Take the data below and write it out exactly, except for the pictures.

##### EXERCISE INPUT #####

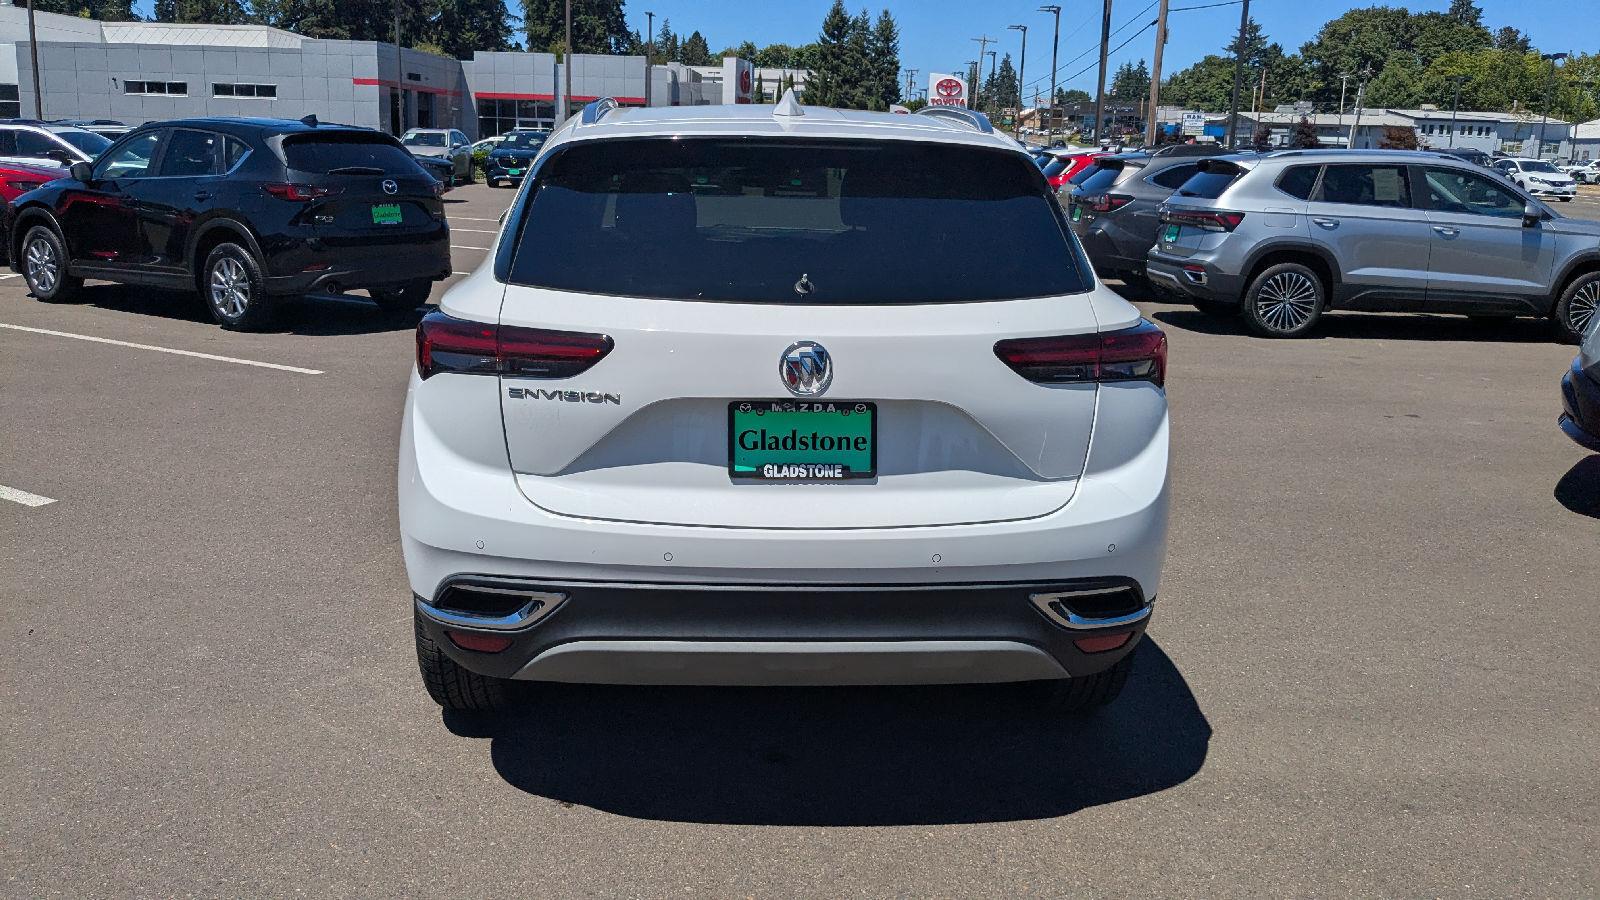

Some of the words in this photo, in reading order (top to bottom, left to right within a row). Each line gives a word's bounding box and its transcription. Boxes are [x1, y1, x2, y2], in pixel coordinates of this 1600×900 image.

[931, 98, 966, 106] TOYOTA
[508, 387, 621, 405] ENVISION
[738, 429, 867, 451] Gladstone
[763, 464, 843, 478] GLADSTONE
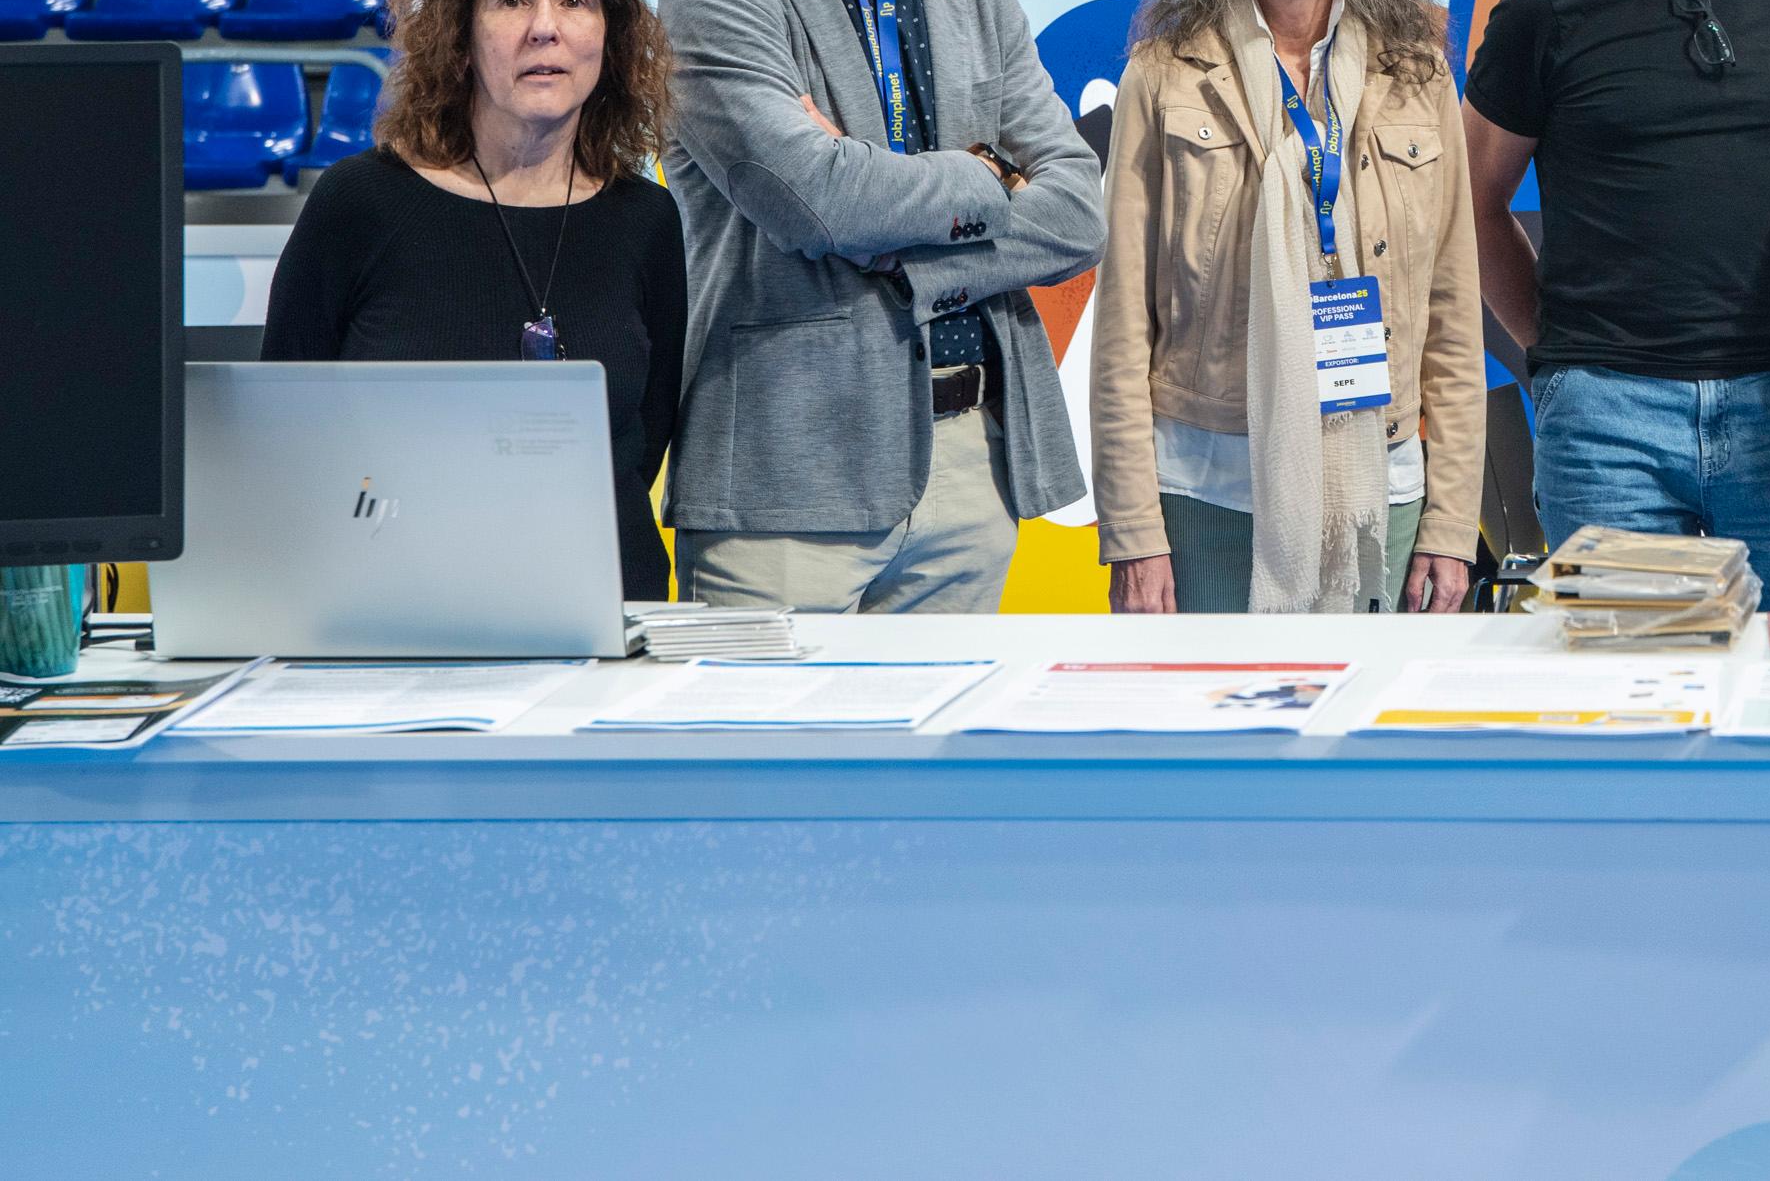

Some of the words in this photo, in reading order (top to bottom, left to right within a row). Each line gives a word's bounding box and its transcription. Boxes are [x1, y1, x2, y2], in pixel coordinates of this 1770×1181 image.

#####

RESPONSE FOR THIS EXERCISE |
Some of the words in this photo, in reading order (top to bottom, left to right within a row). Each line gives a word's bounding box and its transcription. Boxes are [x1, y1, x2, y2], in pixel coordinates of this 1600×900 image.

[931, 98, 966, 106] TOYOTA
[508, 387, 621, 405] ENVISION
[738, 429, 867, 451] Gladstone
[763, 464, 843, 478] GLADSTONE

Some of the words in this photo, in reading order (top to bottom, left to right within a row). Each line gives a word's bounding box and its transcription. Boxes are [x1, y1, x2, y2], in pixel coordinates of this 1770×1181 image.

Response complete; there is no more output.